La República Saharaui reafirma su papel como Estado miembro activo de la Unión Africana en pleno conflicto del Sáhara Occidental

La RASD presentó en Banjul su informe ante la Comisión Africana de Derechos Humanos y de los Pueblos, reforzando su presencia institucional africana en un momento de fuerte bloqueo diplomático internacional alrededor del conflicto saharaui.

PLATAFORMA «NO TE OLVIDES DEL SÁHARA OCCIDENTAL»

Mientras parte de la diplomacia internacional continúa intentando presentar el conflicto del Sáhara Occidental como una cuestión políticamente amortizada o reducida a una disputa regional gestionada desde Rabat, la República Árabe Saharaui Democrática (RASD) volvió esta semana a reafirmar públicamente una realidad que suele quedar fuera de muchos relatos occidentales: la República Saharaui sigue actuando como Estado miembro reconocido dentro de la Unión Africana.

La RASD presentó en Banjul, capital de Gambia, su informe periódico ante la Comisión Africana de Derechos Humanos y de los Pueblos durante la 87ª sesión ordinaria del organismo continental africano. La delegación saharaui estuvo encabezada por el ministro de Exteriores, Mohamed Yeslem Beissat, acompañado por representantes institucionales y responsables vinculados a derechos humanos y cooperación internacional.

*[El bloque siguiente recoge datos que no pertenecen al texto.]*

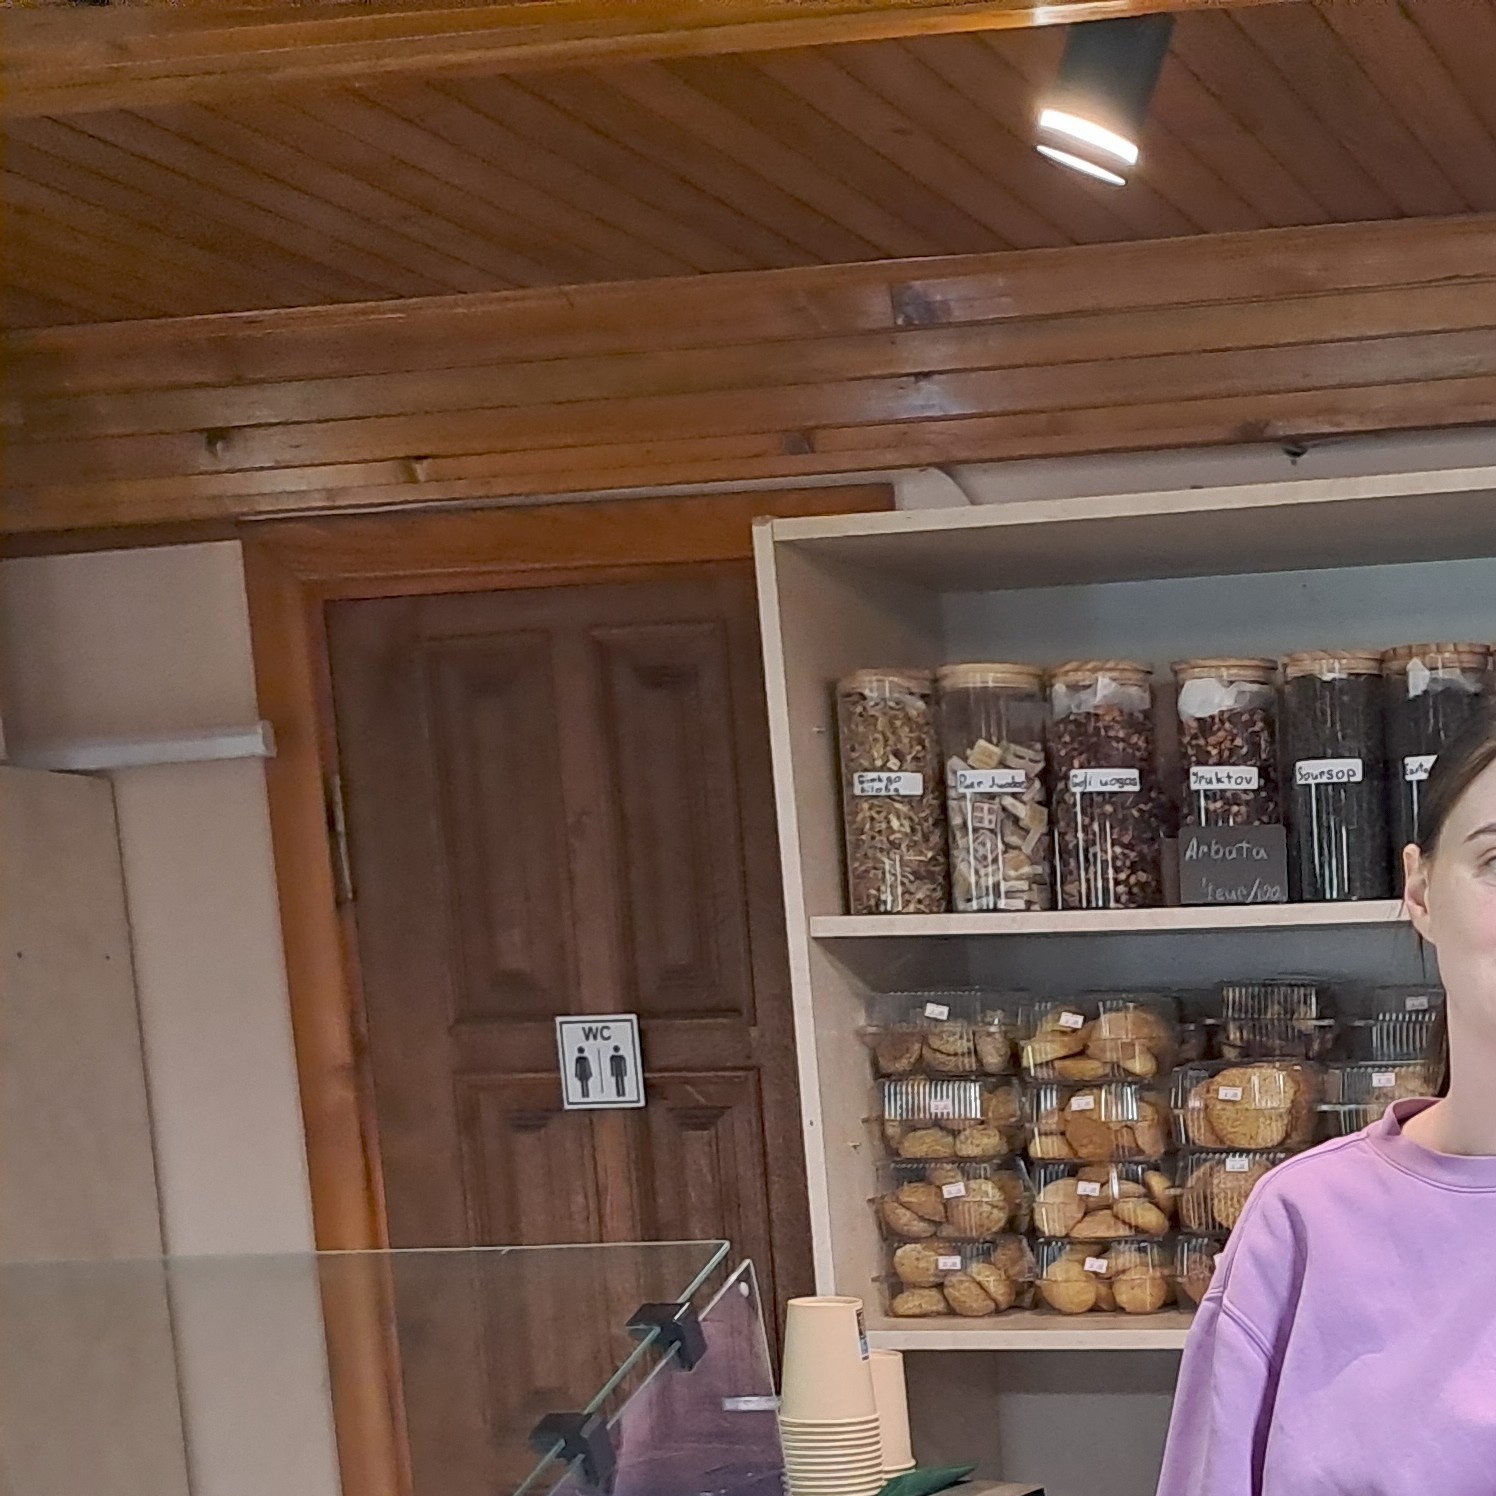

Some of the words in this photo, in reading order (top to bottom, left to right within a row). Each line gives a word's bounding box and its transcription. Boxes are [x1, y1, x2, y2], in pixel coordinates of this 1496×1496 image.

La comparecencia tuvo un evidente contenido político e institucional. No se trató únicamente de un ejercicio técnico relacionado con tratados africanos o informes administrativos. La presencia saharaui ante la Comisión Africana volvió a recordar que la República Saharaui continúa integrada en las estructuras políticas y jurídicas de la Unión Africana pese a la ocupación marroquí y pese al prolongado bloqueo internacional que rodea al proceso de descolonización del Sáhara Occidental.

Durante la sesión, la delegación saharaui presentó información relativa a justicia, salud pública, educación, participación política de las mujeres, protección social y situación humanitaria de los refugiados saharauis. También abordó cuestiones relacionadas con los derechos humanos en los territorios ocupados, las limitaciones impuestas a activistas saharauis y el impacto humanitario del muro militar marroquí y de las minas antipersona.

Uno de los aspectos más relevantes de la intervención saharaui fue precisamente la defensa de la continuidad institucional de la RASD incluso en condiciones de exilio y ocupación parcial del territorio. La República Saharaui quiso proyectar ante África la imagen de unas instituciones que siguen funcionando, desarrollando políticas públicas y manteniendo presencia diplomática y jurídica dentro del continente africano.

Ese contraste resulta especialmente significativo en el contexto internacional actual. Mientras numerosos gobiernos europeos evitan cualquier reconocimiento político explícito de la RASD para preservar sus relaciones estratégicas con Marruecos, la Unión Africana continúa considerando a la República Saharaui como uno de sus Estados miembros de pleno derecho.

La sesión celebrada en Banjul volvió a mostrar además otra dimensión poco visible fuera de África: la cuestión saharaui sigue siendo percibida en amplios sectores africanos como un proceso de descolonización todavía inconcluso y no simplemente como un conflicto territorial cerrado o resuelto.

La delegación saharaui insistió igualmente en las consecuencias humanitarias del conflicto, el deterioro de la financiación internacional destinada a los campamentos de refugiados y las dificultades derivadas de décadas de desplazamiento forzado. También subrayó el papel desempeñado por las mujeres saharauis dentro de sectores esenciales como salud, educación y administración pública.

Más allá del contenido técnico del informe, la comparecencia de la República Saharaui ante la Comisión Africana vuelve a tener una fuerte carga simbólica y política. En un momento en que Marruecos intenta consolidar internacionalmente la imagen de un Sáhara Occidental definitivamente integrado bajo su control, la RASD sigue reapareciendo en instituciones africanas como actor político y estatal reconocido.

Y probablemente esa siga siendo una de las principales contradicciones diplomáticas del conflicto saharaui: mientras buena parte de Occidente opta por la ambigüedad o el silencio, África continúa manteniendo abierta la dimensión institucional y política de la República Saharaui dentro de sus propias estructuras continentales.